We’ve seen two of the principal frameworks for working with Big Data, Apache Hadoop for distributed storage and processing and Apache Spark for distributed processing. However, both Apache Hadoop and Apache Spark are its primary purpose of processing, so we use HDFS to store the data and then process that data to deliver a result.

Hadoop HDFS is not a database. The goal is to store, process, and deliver results. However, in other Big Data applications, it may be necessary to store the data to consult, manipulate it in the future, update it frequently, and considering these scenarios, another database category has been developed — NoSQL databases.

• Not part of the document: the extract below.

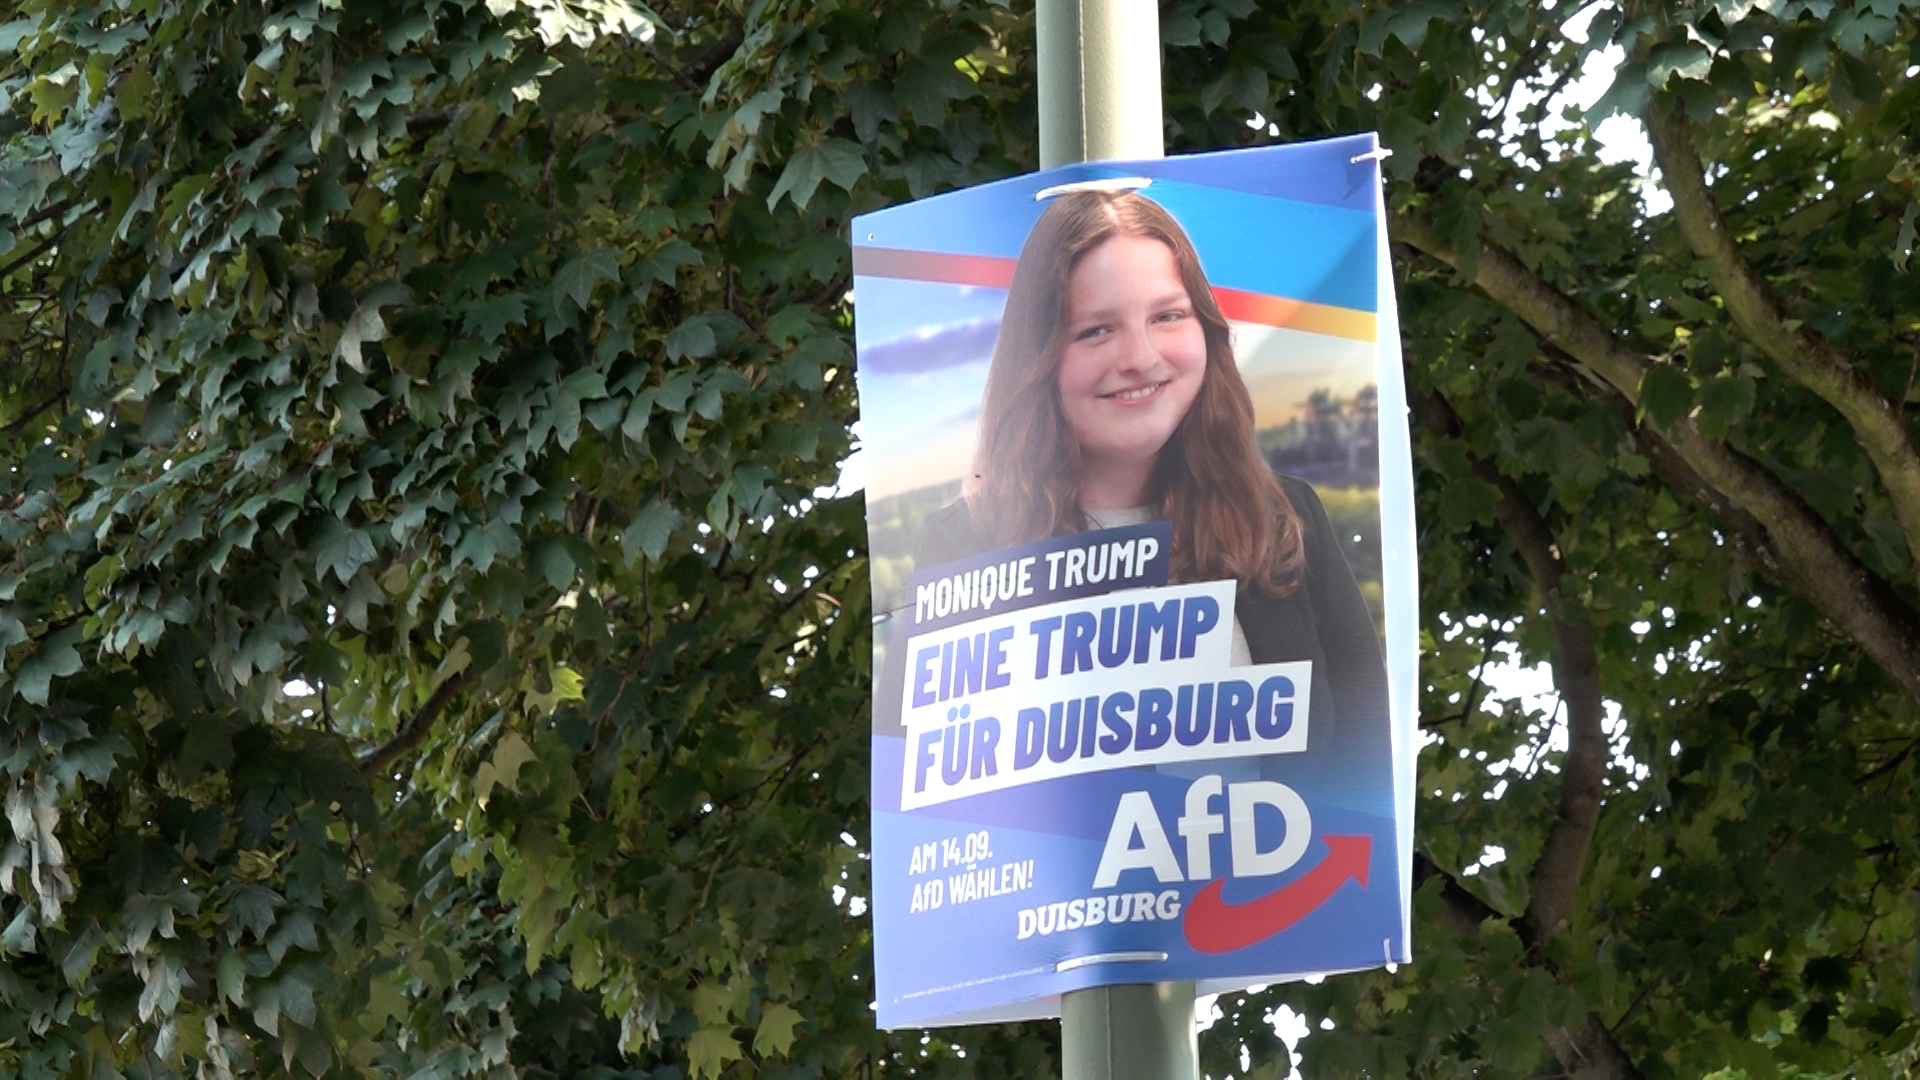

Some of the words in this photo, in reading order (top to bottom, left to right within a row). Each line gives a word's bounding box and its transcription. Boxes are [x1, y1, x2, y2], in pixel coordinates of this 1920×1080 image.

NoSQL, non-relational databases have as their primary objective to store data in unstructured format — Big Data consists of about 80% of unstructured data! Suppose we need to create an application where we have to store unstructured data. In that case, we can use one of the many banks in the NoSQL database category, unlike Apache Hadoop HDFS, whose main focus is not databases!

RDBMS — Structured in Rows and Columns

The traditional relational databases belonging to the RDBMS category are Oracle, SQL Server, PostgreSQL, MySQL, DB2, etc. — that primary purpose is to store structured data.

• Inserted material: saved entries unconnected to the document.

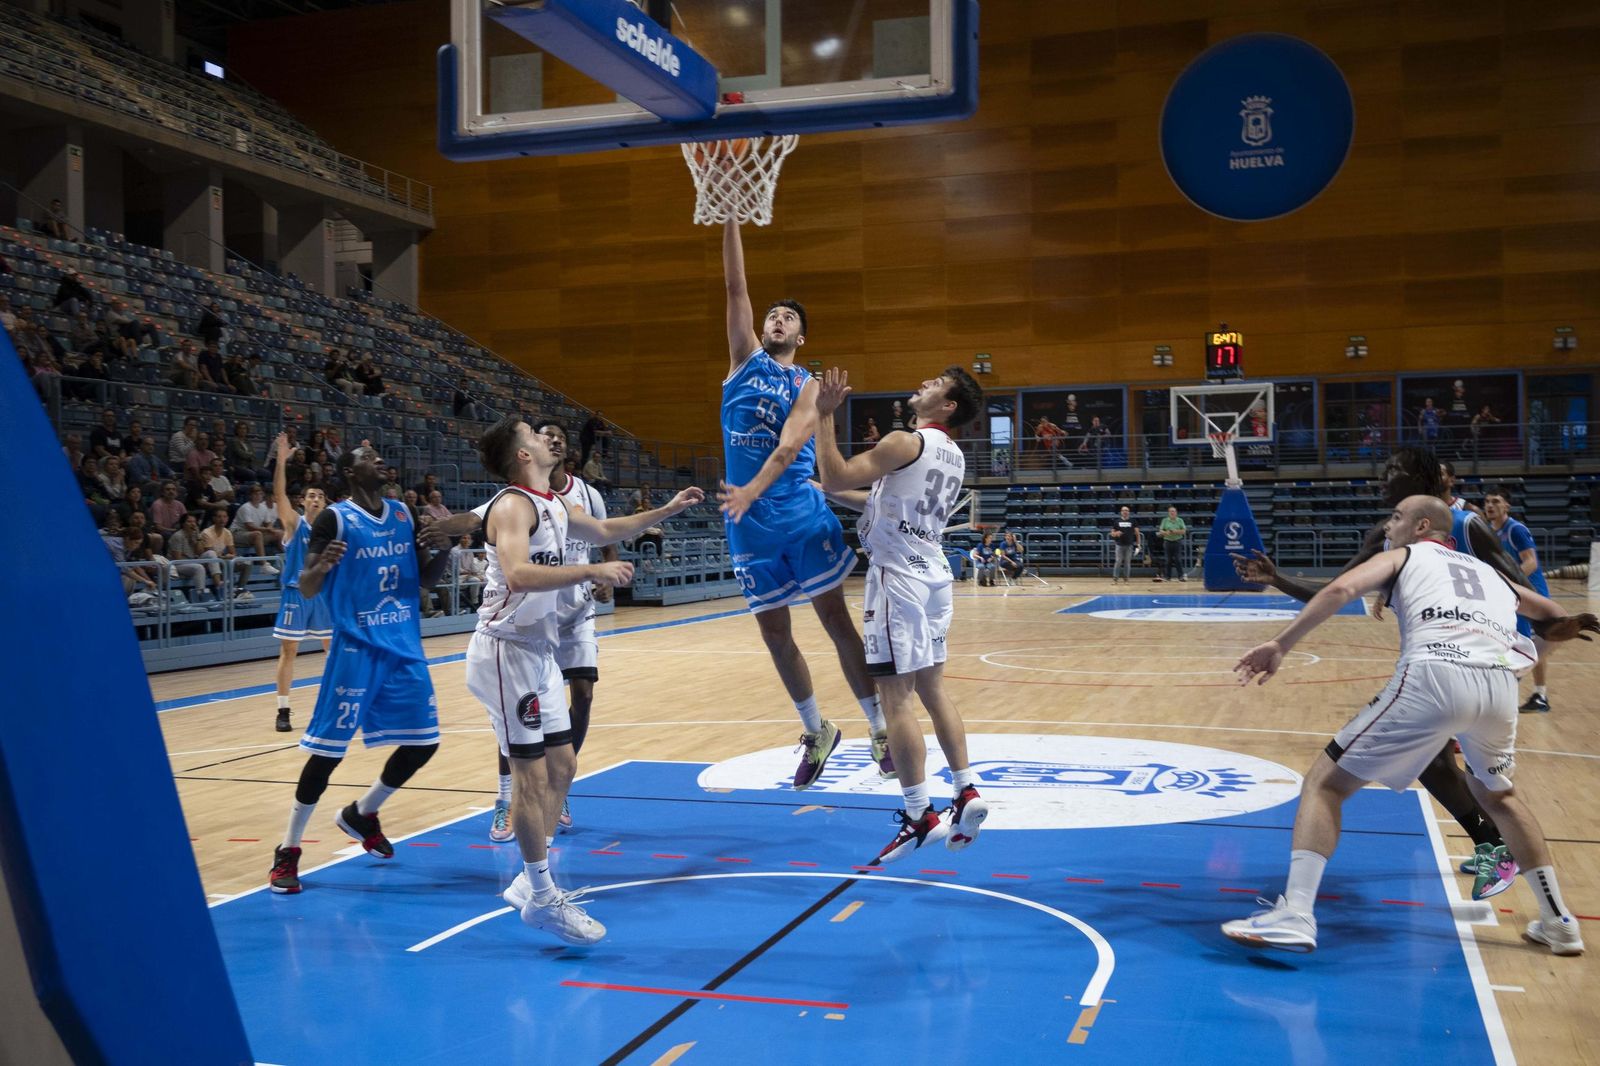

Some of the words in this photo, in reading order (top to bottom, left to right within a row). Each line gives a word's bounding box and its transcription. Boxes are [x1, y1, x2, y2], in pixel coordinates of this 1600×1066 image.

[615, 16, 681, 78] schelde
[1229, 155, 1285, 169] HUELVA
[1216, 346, 1235, 366] 17
[755, 397, 780, 425] 55
[936, 446, 963, 469] STULIC
[914, 468, 962, 522] 33
[378, 564, 400, 593] 23
[1447, 562, 1486, 601] 8
[283, 610, 294, 626] 11
[335, 701, 361, 730] 23

Traditional databases are designed only to handle datasets that can be stored in rows and columns, and therefore can be queried through queries using a structured query language (SQL).

Many of the applications we find in the corporate environment, such as ERP applications, CRM, logistics, employee control, HR, and many others, essentially use relational databases.

Relational banks are designed to work with rows and columns, that is, data in a very well-defined and very well-structured format. Relational Databases are not able to handle unstructured or semi-structured data because they are not designed for this.

Relational doesn’t meet Big Data Requirements

Relational databases lack the functionality required to meet Big Data requirements; high-volume, high-speed data — NoSQL Databases fill this gap. The goal is to choose the right tool to solve the business problem we are working with. There are already more than 200 non-relational databases, which shows the growth of this category.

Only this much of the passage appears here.